Listed records:
============================================================
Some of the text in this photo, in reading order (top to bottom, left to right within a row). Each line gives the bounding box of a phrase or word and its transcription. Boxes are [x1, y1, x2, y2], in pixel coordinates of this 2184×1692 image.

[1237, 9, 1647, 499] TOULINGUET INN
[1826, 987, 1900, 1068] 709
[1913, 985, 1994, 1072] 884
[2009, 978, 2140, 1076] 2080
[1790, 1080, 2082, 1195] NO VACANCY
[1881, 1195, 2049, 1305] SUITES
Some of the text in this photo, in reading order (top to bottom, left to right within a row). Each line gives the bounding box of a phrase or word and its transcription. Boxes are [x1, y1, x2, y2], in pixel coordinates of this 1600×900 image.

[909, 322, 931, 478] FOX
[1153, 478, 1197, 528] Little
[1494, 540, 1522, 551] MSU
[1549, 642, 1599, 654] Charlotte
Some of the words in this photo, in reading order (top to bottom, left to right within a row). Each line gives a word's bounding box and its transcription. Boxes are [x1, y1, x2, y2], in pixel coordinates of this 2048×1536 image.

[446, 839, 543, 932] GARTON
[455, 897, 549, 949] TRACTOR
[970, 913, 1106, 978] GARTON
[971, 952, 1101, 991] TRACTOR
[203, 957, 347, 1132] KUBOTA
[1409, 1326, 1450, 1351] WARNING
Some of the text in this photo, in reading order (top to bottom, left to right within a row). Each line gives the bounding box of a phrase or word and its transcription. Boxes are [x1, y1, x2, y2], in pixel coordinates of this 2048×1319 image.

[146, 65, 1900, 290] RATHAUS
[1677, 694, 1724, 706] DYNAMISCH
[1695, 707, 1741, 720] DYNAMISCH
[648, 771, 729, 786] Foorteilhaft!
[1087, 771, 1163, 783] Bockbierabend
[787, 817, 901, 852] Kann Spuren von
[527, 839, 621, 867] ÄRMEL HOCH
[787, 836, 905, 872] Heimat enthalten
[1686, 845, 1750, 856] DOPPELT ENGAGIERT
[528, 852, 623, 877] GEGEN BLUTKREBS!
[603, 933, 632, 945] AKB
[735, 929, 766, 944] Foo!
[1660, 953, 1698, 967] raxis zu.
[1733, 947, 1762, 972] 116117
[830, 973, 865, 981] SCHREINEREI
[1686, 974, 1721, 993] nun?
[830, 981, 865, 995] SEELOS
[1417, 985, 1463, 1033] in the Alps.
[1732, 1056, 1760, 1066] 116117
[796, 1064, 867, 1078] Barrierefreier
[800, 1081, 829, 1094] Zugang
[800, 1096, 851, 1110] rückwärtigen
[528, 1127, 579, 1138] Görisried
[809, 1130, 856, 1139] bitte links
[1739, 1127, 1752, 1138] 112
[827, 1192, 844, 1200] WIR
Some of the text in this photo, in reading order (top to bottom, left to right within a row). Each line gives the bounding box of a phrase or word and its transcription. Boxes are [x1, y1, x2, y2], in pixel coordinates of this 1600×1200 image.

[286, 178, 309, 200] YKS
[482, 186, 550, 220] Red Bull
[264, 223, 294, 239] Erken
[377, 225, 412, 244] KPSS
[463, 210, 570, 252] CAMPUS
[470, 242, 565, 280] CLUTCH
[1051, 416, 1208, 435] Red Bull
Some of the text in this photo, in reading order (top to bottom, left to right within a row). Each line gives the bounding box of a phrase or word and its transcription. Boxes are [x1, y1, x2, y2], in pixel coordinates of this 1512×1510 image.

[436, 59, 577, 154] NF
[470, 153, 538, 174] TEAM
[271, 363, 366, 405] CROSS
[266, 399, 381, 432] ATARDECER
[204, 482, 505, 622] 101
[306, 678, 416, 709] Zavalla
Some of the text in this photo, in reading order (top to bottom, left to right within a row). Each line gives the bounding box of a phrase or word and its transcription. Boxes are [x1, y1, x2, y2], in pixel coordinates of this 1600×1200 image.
============================================================
Problem to solve:
Nothing in the listing may be changed; retype it all exactly.

Result:
Some of the text in this photo, in reading order (top to bottom, left to right within a row). Each line gives the bounding box of a phrase or word and its transcription. Boxes are [x1, y1, x2, y2], in pixel coordinates of this 2184×1692 image.

[1237, 9, 1647, 499] TOULINGUET INN
[1826, 987, 1900, 1068] 709
[1913, 985, 1994, 1072] 884
[2009, 978, 2140, 1076] 2080
[1790, 1080, 2082, 1195] NO VACANCY
[1881, 1195, 2049, 1305] SUITES
Some of the text in this photo, in reading order (top to bottom, left to right within a row). Each line gives the bounding box of a phrase or word and its transcription. Boxes are [x1, y1, x2, y2], in pixel coordinates of this 1600×900 image.

[909, 322, 931, 478] FOX
[1153, 478, 1197, 528] Little
[1494, 540, 1522, 551] MSU
[1549, 642, 1599, 654] Charlotte
Some of the words in this photo, in reading order (top to bottom, left to right within a row). Each line gives a word's bounding box and its transcription. Boxes are [x1, y1, x2, y2], in pixel coordinates of this 2048×1536 image.

[446, 839, 543, 932] GARTON
[455, 897, 549, 949] TRACTOR
[970, 913, 1106, 978] GARTON
[971, 952, 1101, 991] TRACTOR
[203, 957, 347, 1132] KUBOTA
[1409, 1326, 1450, 1351] WARNING
Some of the text in this photo, in reading order (top to bottom, left to right within a row). Each line gives the bounding box of a phrase or word and its transcription. Boxes are [x1, y1, x2, y2], in pixel coordinates of this 2048×1319 image.

[146, 65, 1900, 290] RATHAUS
[1677, 694, 1724, 706] DYNAMISCH
[1695, 707, 1741, 720] DYNAMISCH
[648, 771, 729, 786] Foorteilhaft!
[1087, 771, 1163, 783] Bockbierabend
[787, 817, 901, 852] Kann Spuren von
[527, 839, 621, 867] ÄRMEL HOCH
[787, 836, 905, 872] Heimat enthalten
[1686, 845, 1750, 856] DOPPELT ENGAGIERT
[528, 852, 623, 877] GEGEN BLUTKREBS!
[603, 933, 632, 945] AKB
[735, 929, 766, 944] Foo!
[1660, 953, 1698, 967] raxis zu.
[1733, 947, 1762, 972] 116117
[830, 973, 865, 981] SCHREINEREI
[1686, 974, 1721, 993] nun?
[830, 981, 865, 995] SEELOS
[1417, 985, 1463, 1033] in the Alps.
[1732, 1056, 1760, 1066] 116117
[796, 1064, 867, 1078] Barrierefreier
[800, 1081, 829, 1094] Zugang
[800, 1096, 851, 1110] rückwärtigen
[528, 1127, 579, 1138] Görisried
[809, 1130, 856, 1139] bitte links
[1739, 1127, 1752, 1138] 112
[827, 1192, 844, 1200] WIR
Some of the text in this photo, in reading order (top to bottom, left to right within a row). Each line gives the bounding box of a phrase or word and its transcription. Boxes are [x1, y1, x2, y2], in pixel coordinates of this 1600×1200 image.

[286, 178, 309, 200] YKS
[482, 186, 550, 220] Red Bull
[264, 223, 294, 239] Erken
[377, 225, 412, 244] KPSS
[463, 210, 570, 252] CAMPUS
[470, 242, 565, 280] CLUTCH
[1051, 416, 1208, 435] Red Bull
Some of the text in this photo, in reading order (top to bottom, left to right within a row). Each line gives the bounding box of a phrase or word and its transcription. Boxes are [x1, y1, x2, y2], in pixel coordinates of this 1512×1510 image.

[436, 59, 577, 154] NF
[470, 153, 538, 174] TEAM
[271, 363, 366, 405] CROSS
[266, 399, 381, 432] ATARDECER
[204, 482, 505, 622] 101
[306, 678, 416, 709] Zavalla
Some of the text in this photo, in reading order (top to bottom, left to right within a row). Each line gives the bounding box of a phrase or word and its transcription. Boxes are [x1, y1, x2, y2], in pixel coordinates of this 1600×1200 image.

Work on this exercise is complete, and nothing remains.